▸ **Extracted records**:

= = =

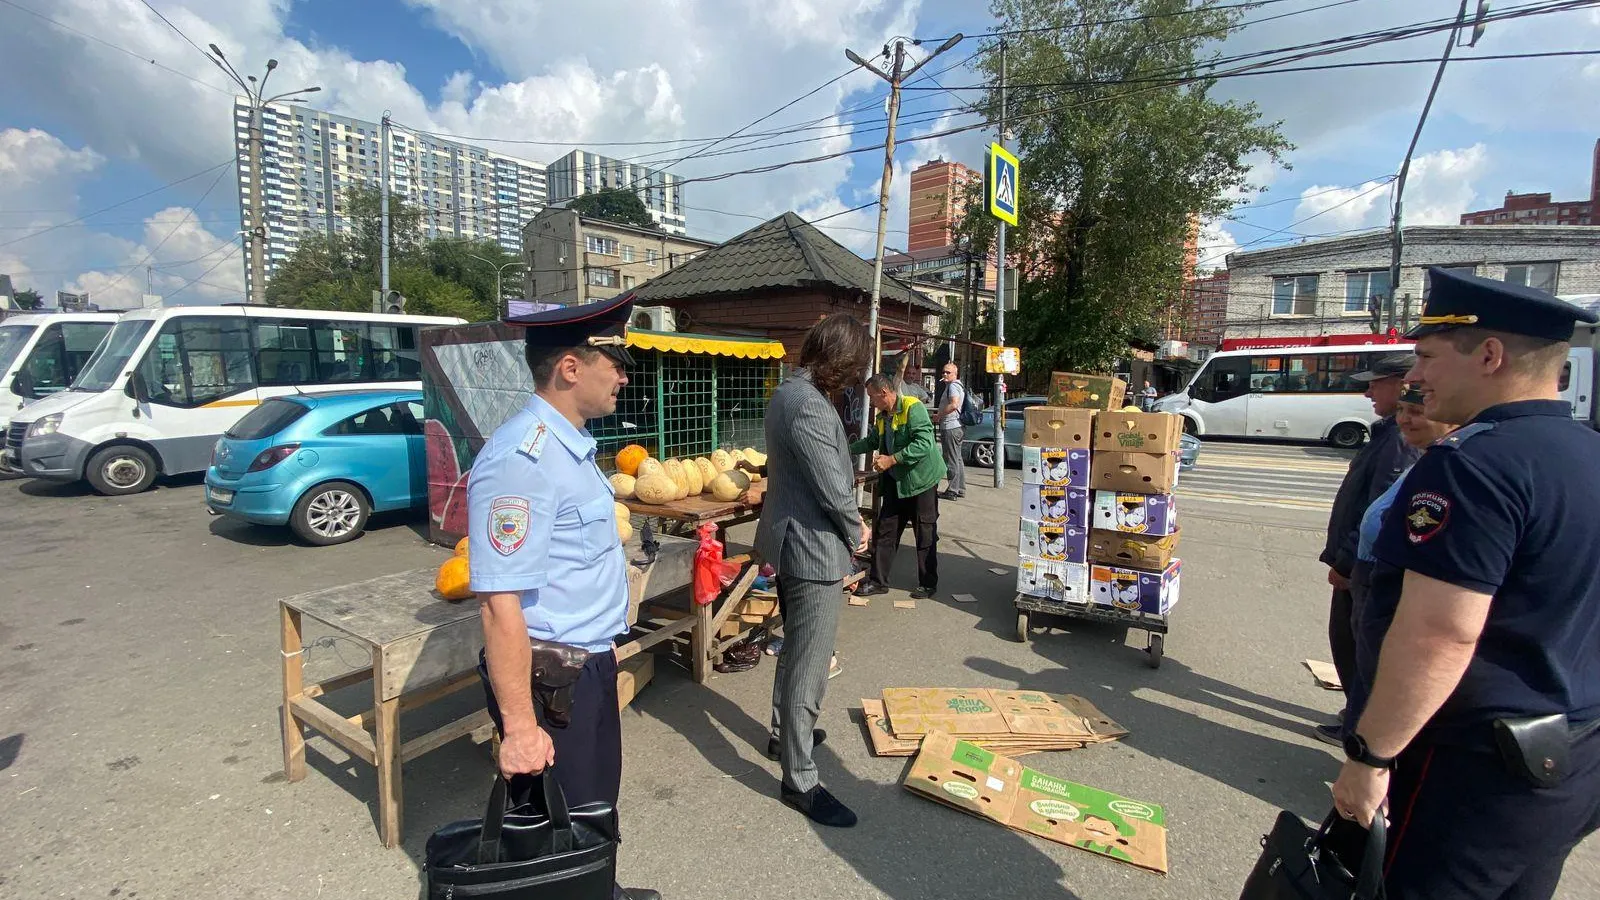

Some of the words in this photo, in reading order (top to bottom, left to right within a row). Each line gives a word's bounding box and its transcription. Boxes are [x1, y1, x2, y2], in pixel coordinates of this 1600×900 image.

[1118, 432, 1141, 441] Global
[1119, 438, 1144, 448] Village
[1032, 775, 1067, 792] БАНАНЫ
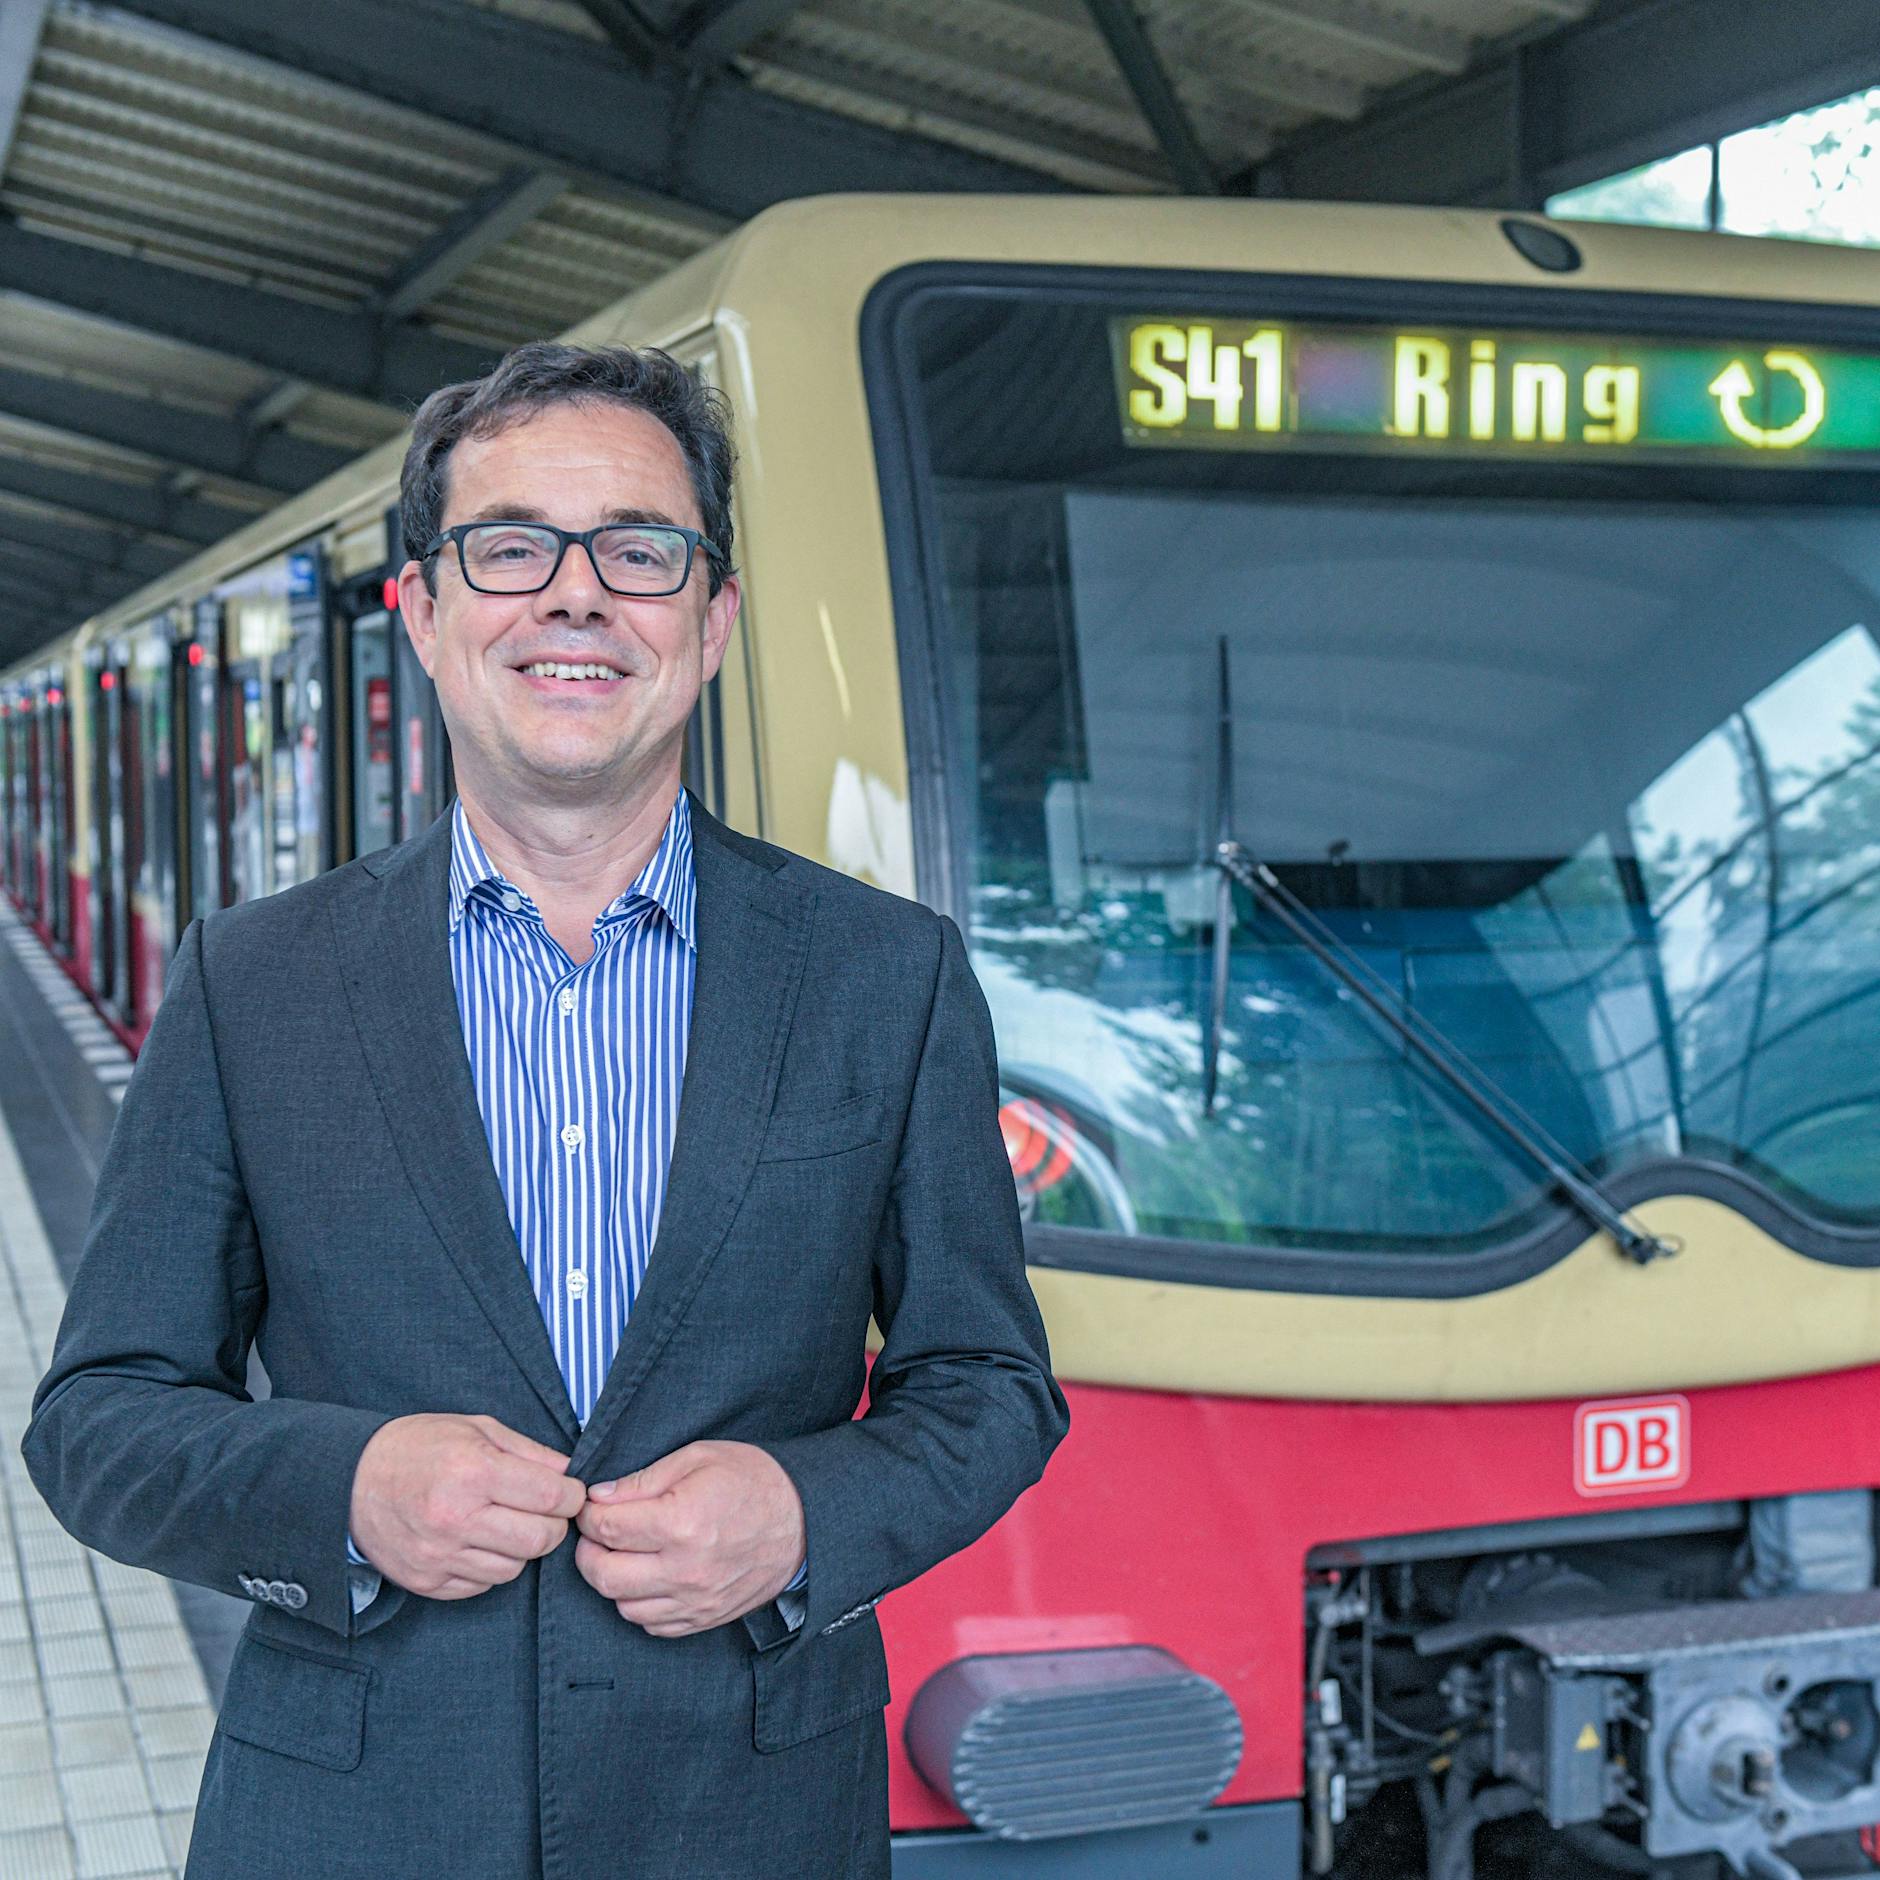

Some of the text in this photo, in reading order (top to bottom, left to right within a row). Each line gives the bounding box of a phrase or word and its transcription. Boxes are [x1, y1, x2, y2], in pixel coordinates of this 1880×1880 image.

[1130, 324, 1639, 443] S41 Ring
[1595, 1418, 1671, 1475] DB

= = =

▸ **What the exercise asks**: Every record above should be written out again exactly; the pictures stay out of the copy.

▸ **Response area**:
Some of the words in this photo, in reading order (top to bottom, left to right within a row). Each line gives a word's bounding box and its transcription. Boxes are [x1, y1, x2, y2], in pixel coordinates of this 1600×900 image.

[1118, 432, 1141, 441] Global
[1119, 438, 1144, 448] Village
[1032, 775, 1067, 792] БАНАНЫ

Some of the text in this photo, in reading order (top to bottom, left to right within a row). Each line gives the bounding box of a phrase or word and its transcription. Boxes are [x1, y1, x2, y2], in pixel coordinates of this 1880×1880 image.

[1130, 324, 1639, 443] S41 Ring
[1595, 1418, 1671, 1475] DB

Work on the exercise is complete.